First of all, I can somewhat understand where you’re coming from—I know how tedious work-related travel can be. I don’t have to do much of it, but when I do, I don’t even enjoy it that much. I don't think that anyone does.

With my brother in Peggy's Cove on a family trip to Nova Scotia, 1994.

For me, my love of travel is partially contextual of how I grew up. I was born in Cold Lake and didn’t live anywhere else until I moved to Edmonton when I was 18. I was jealous of all the military kids who had lived overseas or in other parts of Canada.

It wasn’t just that I hadn’t been anywhere else (although my family did travel through Canada quite a bit)—it was also the fact that up until grade 12, when Grand Centre High School started accepting exchange students, all my interactions with kids my own age had been with other Cold Lakers. (White, middle-class Cold Lakers.) The world, for the majority of my life, was a very small, narrow and limiting place.

With Helka on my first trip overseas in Berlin, April 2003. Helka was one of the first exchange students that I met in Cold Lake. 

For me, travel has never been about the places or the destinations—it’s about the people that I meet and spend time with when I’m overseas.
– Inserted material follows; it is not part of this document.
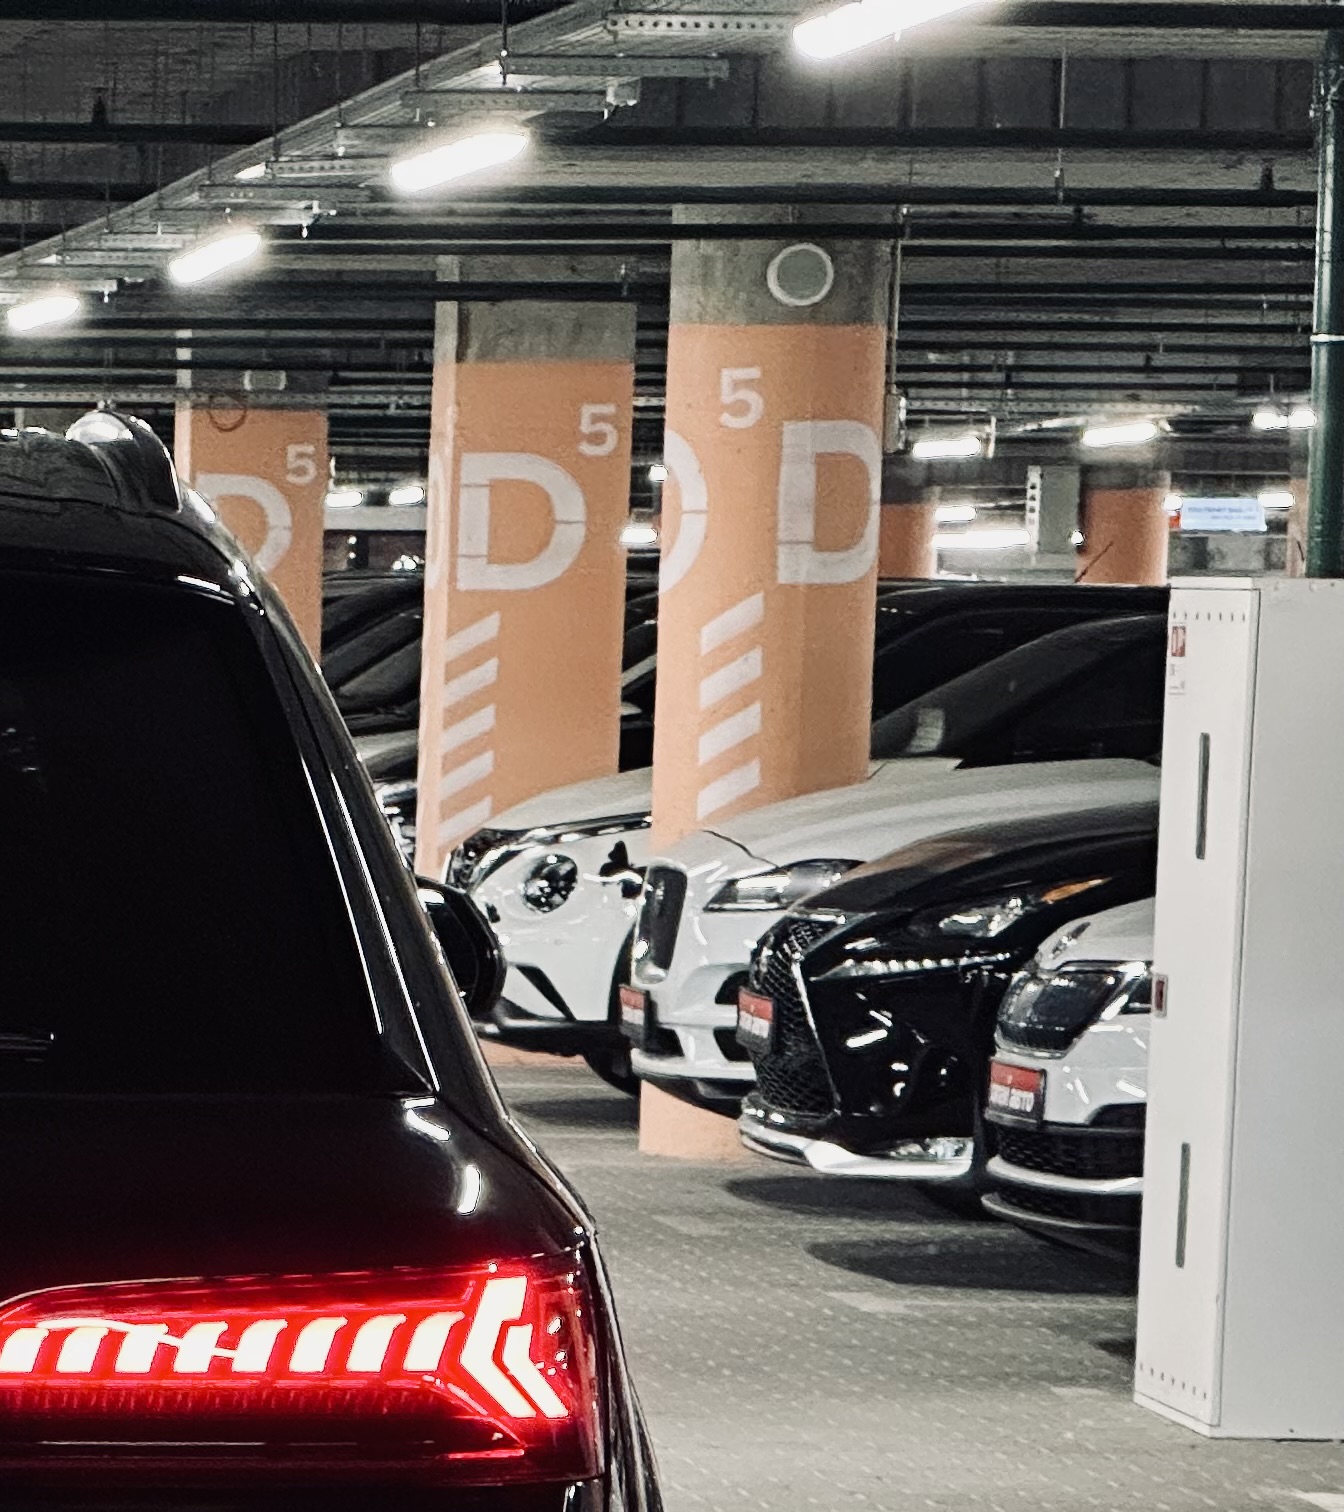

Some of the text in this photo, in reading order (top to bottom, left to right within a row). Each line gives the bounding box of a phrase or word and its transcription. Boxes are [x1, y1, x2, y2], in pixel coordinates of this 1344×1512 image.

When I think back to the trips that I’ve taken in the last two or three years, that’s what it’s really been focused on. I also always find myself in incredibly peculiar situations.

But to be perfectly honest, it’s also because as an adult, I am a neurotic A-type personality. Apart from being a freelancer, I very much have a by-the-book day-to-day existence and am set in my routines. It results in a lot of stress. For some reason though, when I travel I’m able to shed this anxiety and focus on being present, rather than planning or worrying. (Although my A-type tendencies and planning abilities do make me feel like a bit of a genius when it comes to navigating airports and interacting in foreign languages.)

But above all else, I like to travel because I really like to eat and drink. It’s pretty rad.

I don't have a boyfriend, a "normal" nine-to-five job, a house or kids. So I figure I might as well keep exploring.